HOW TO COMPLETE THIS TASK:
Copy the complete listing word for word, but do not carry over any images.

SUPPLIED RECORDS:
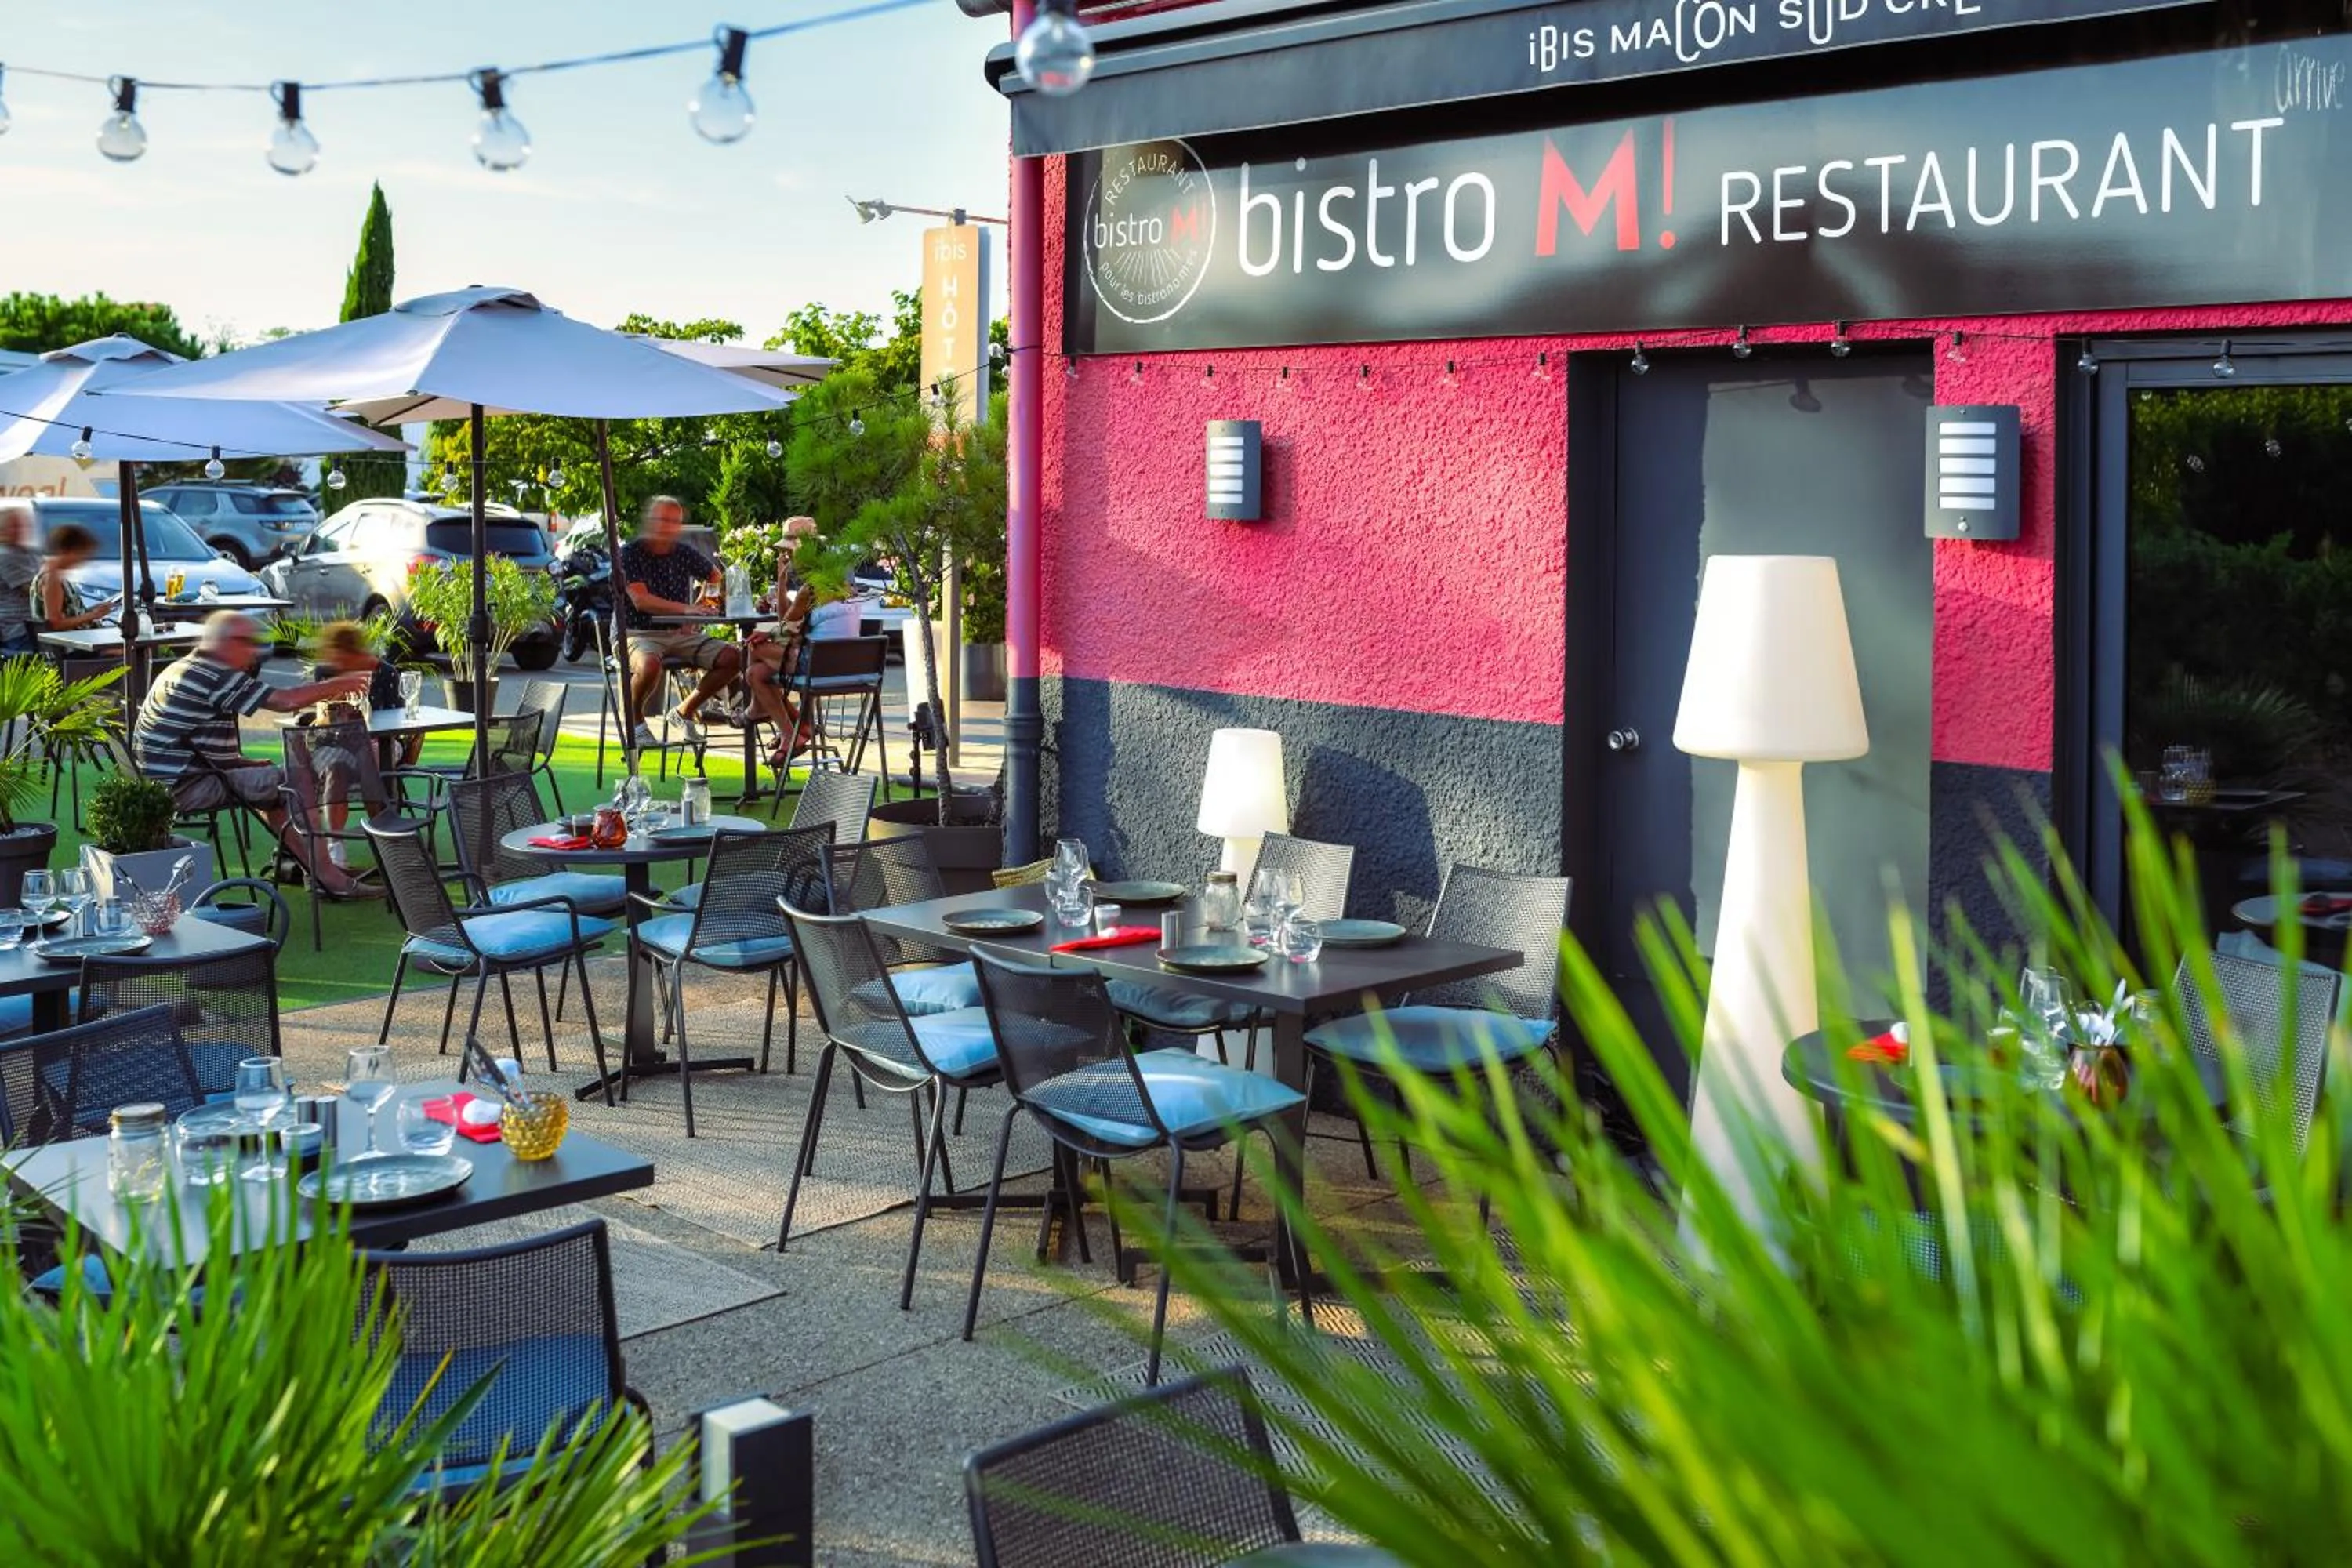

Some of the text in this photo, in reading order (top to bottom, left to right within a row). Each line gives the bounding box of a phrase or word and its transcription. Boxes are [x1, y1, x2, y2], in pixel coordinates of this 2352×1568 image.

[1610, 0, 1755, 62] MACON
[1778, 0, 1868, 45] SUD
[1105, 153, 1196, 205] RESTAURANT
[1236, 117, 2285, 278] bistro M! RESTAURANT
[933, 237, 967, 262] ibis
[1094, 212, 1163, 249] bistro
[1099, 262, 1122, 291] pour

RESULT OF THE TASK:
Some of the text in this photo, in reading order (top to bottom, left to right within a row). Each line gives the bounding box of a phrase or word and its transcription. Boxes are [x1, y1, x2, y2], in pixel coordinates of this 2352×1568 image.

[1610, 0, 1755, 62] MACON
[1778, 0, 1868, 45] SUD
[1105, 153, 1196, 205] RESTAURANT
[1236, 117, 2285, 278] bistro M! RESTAURANT
[933, 237, 967, 262] ibis
[1094, 212, 1163, 249] bistro
[1099, 262, 1122, 291] pour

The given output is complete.